(Beginning of THE INPUT)

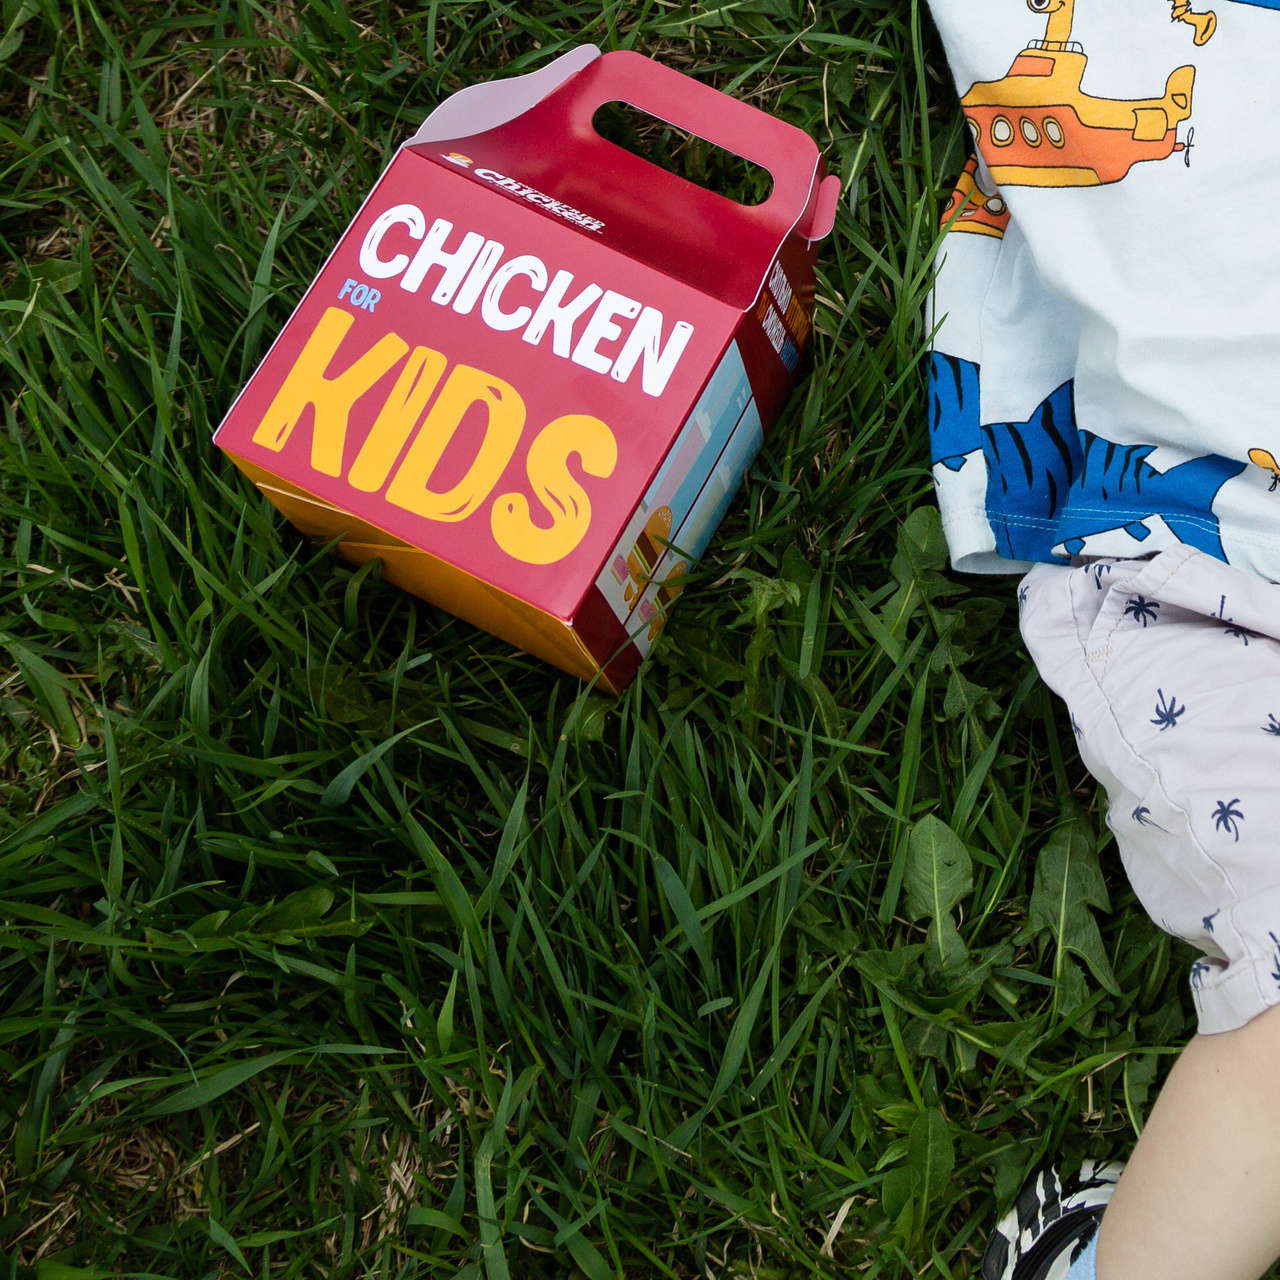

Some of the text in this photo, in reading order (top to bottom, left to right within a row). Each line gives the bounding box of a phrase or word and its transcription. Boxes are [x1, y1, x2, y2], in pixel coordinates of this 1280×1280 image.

[559, 204, 606, 227] FRIED
[337, 278, 382, 314] FOR
[358, 203, 695, 398] CHICKEN
[252, 307, 618, 566] KIDS

(End of THE INPUT)

→ ABOUT THIS EXERCISE
Would you return all of the data above word for word, omitting every picture?

→ ANSWER BOX
Some of the text in this photo, in reading order (top to bottom, left to right within a row). Each line gives the bounding box of a phrase or word and its transcription. Boxes are [x1, y1, x2, y2], in pixel coordinates of this 1280×1280 image.

[559, 204, 606, 227] FRIED
[337, 278, 382, 314] FOR
[358, 203, 695, 398] CHICKEN
[252, 307, 618, 566] KIDS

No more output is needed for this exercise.